Most people are drawn to it first and see it as health, but if
you only see it as health we will not be as effective as we should
be in prevention. I have just been to Russia a couple of weeks
ago. There is a massive spread in the use of drugs amongst young
people, sharing needles, and serious HIV spread. The actions that
need to be taken are not just in the health sector to deal with
that, so you are right but I think the whole world has had a mind
lag here. It first presents itself as a health problem, so people
think health, but if you confine yourself to interventions in
the health sector you are not acting as powerfully as you should
to prevent and indeed to try to attend to the economic consequences
in terms of family poverty and so on that flow from people dying.
541. I think to stay in order with the Chair
I had better move on to the particular questions I was asked to
ask which relate to the expenditure of your Department, and this
ties very much in with the statement yesterday when we wanted
to know what the specific details of expenditure related to HIV/AIDS
were. Both Ronnie Campbell and Harry Cohen asked that question.
How would you define HIV/AIDS-related expenditure because, as
we have said, it is not just health, and to what extent should
donors simply increase sectoral programmes in response to HIV/AIDS,
and to what extent should they establish AIDS-specific programmes
both in prevention and impact mitigation?
(Clare Short) We were asked to prepare these figures.

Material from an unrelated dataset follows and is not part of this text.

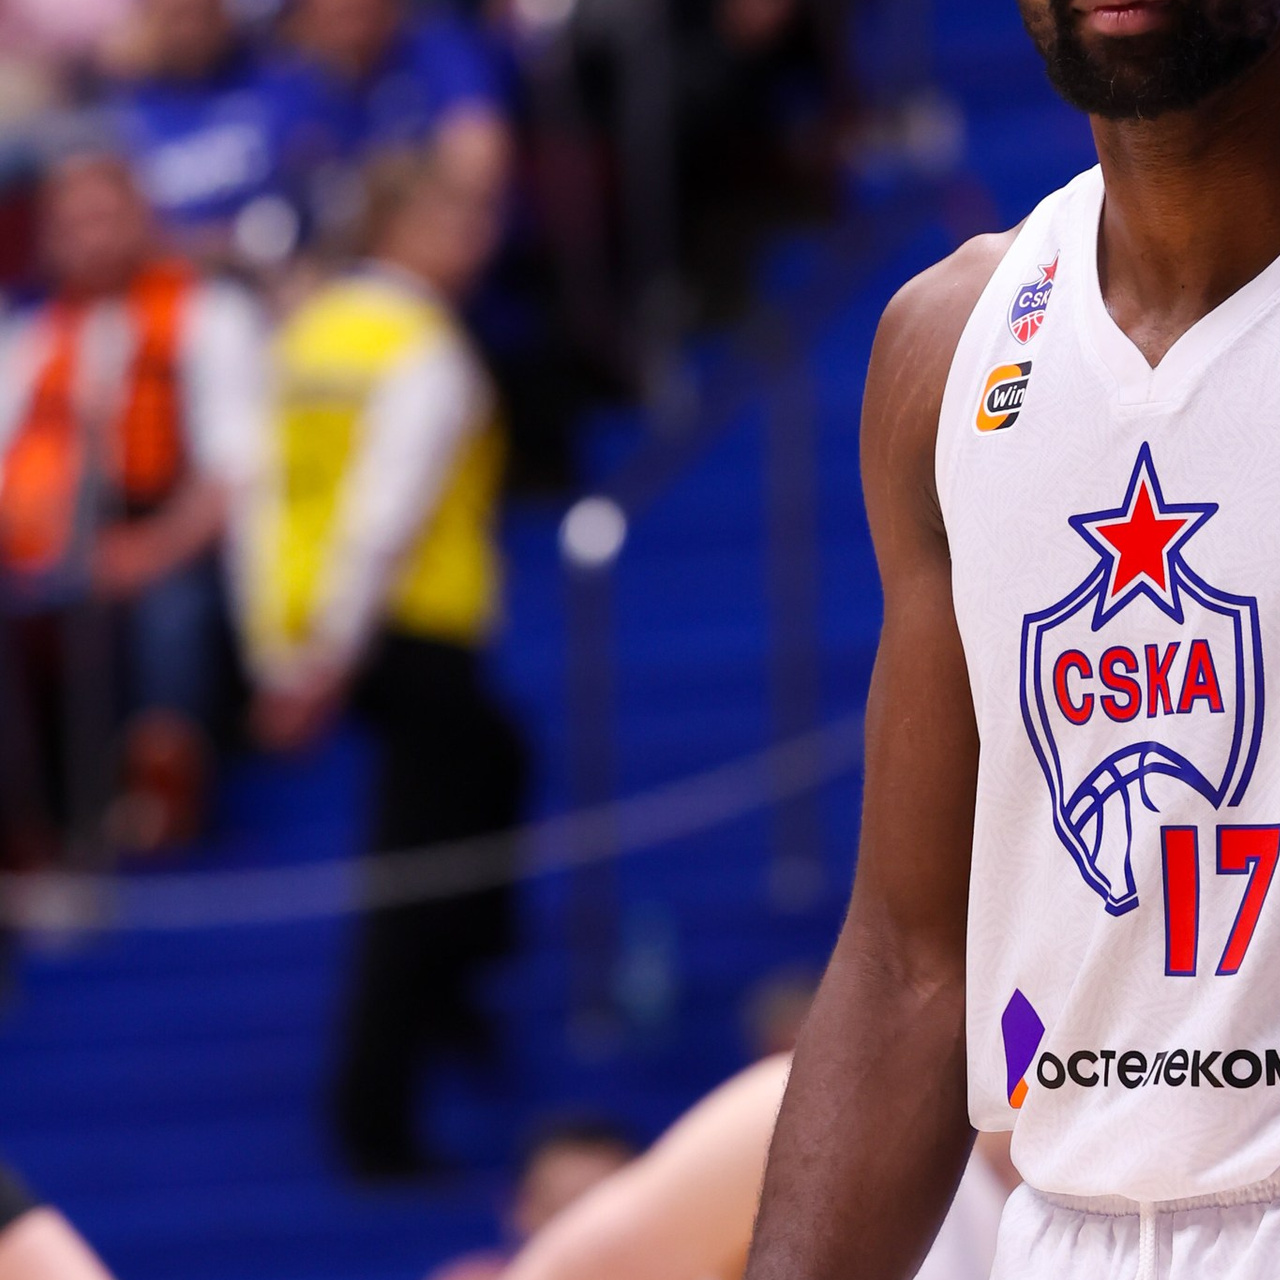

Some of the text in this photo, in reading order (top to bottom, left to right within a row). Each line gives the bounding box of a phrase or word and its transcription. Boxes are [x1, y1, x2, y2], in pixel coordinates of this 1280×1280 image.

[1019, 288, 1051, 308] CSK
[994, 386, 1026, 408] Win
[1053, 639, 1224, 726] CSKA

Our spend has increased from £15 million in 1992-1993 to
£55 million in 1999-2000 and this includes sexual and reproductive
health and non-health activities in which HIV/AIDS is flagged
as a significant element, for example, in education and prevention
and so on. But the implication of your question is absolutely
right. The more we mainstream our efforts the less we will be
able to measure separately because it will be mainstreamed right
through our programme. It is like gender. If you have separate
money for spending on women's equality you can measure it, but
if you do the better work of taking that perspective right through
all your programmes, measuring your exact spend and disentangling
the bit that is relevant to HIV/AIDS as opposed to more broadly
education or improving primary health care, it becomes difficult.
I will ask, is it Bob who should come in on this? We have quite
a sophisticated way of trying to mark and track the way our spend
goes. The more we do good work and mainstream it, the less easy
it is going to be to just have separate crude figures for spending
on HIV/AIDS, you are absolutely right. Bob?

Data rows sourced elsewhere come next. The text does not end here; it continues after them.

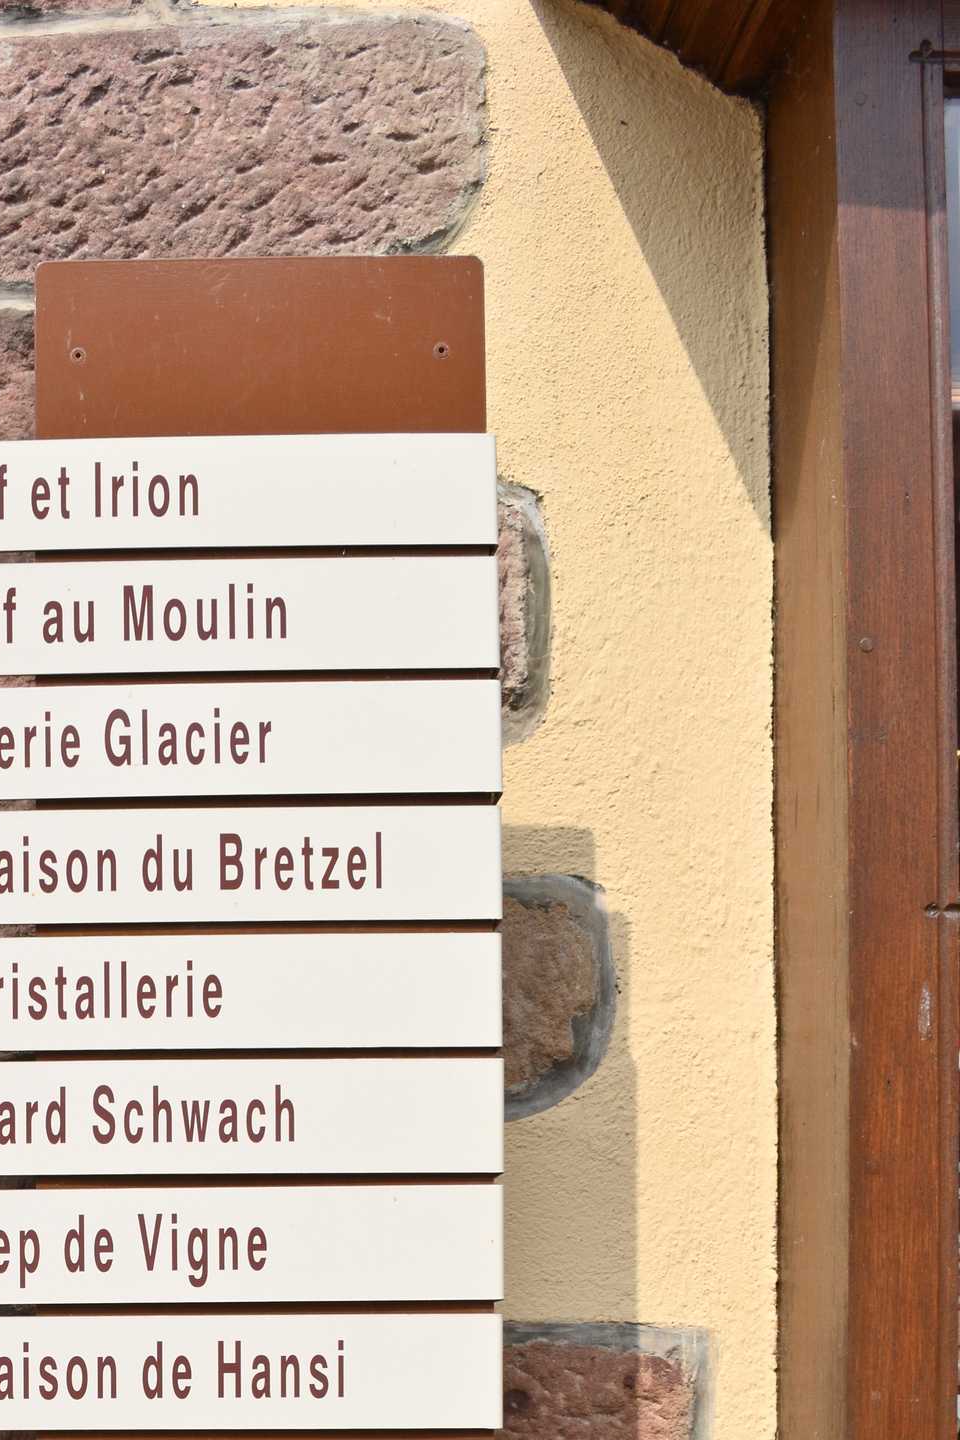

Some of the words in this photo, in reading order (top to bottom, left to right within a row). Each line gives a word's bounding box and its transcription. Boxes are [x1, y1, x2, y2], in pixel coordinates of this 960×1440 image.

[31, 466, 70, 520] et
[94, 461, 199, 518] Irion
[42, 600, 95, 644] au
[123, 583, 287, 642] Moulin
[104, 707, 272, 767] Glacier
[142, 833, 193, 893] du
[219, 831, 382, 891] Bretzel
[92, 1084, 295, 1145] Schwach
[64, 1214, 114, 1273] de
[137, 1213, 268, 1288] Vigne
[142, 1340, 192, 1400] de
[217, 1339, 345, 1399] Hansi

(Mr Grose) Coming back to your two questions, if I
have understood them correctly. How much should there be sectoral
spending and how much should there be HIV specific spending? I
think there needs to be both.
542. A politician's answer.
(Mr Grose) As we mainstream more then people who control
budgets for education or rural livelihood protection or transport
or a whole range of things will be spending money on HIV. That
goes back to what the Secretary of State was saying about the
difficulty of identifying that always as HIV money. At the same
time we do need to be spending money on HIV prevention, that is
the first priority, and increasingly on aspects of care. That
will be easily identifiable as HIV specific money. Having said
that, some of the money that goes into care, in fact, will go
into health sector or health service strengthening and then that
becomes difficult to identify necessarily as HIV specific. Even
some of the money that goes into improving people's access to
care when they become ill from HIV would not necessarily be identifiable
as HIV specific. That is why the answer is both.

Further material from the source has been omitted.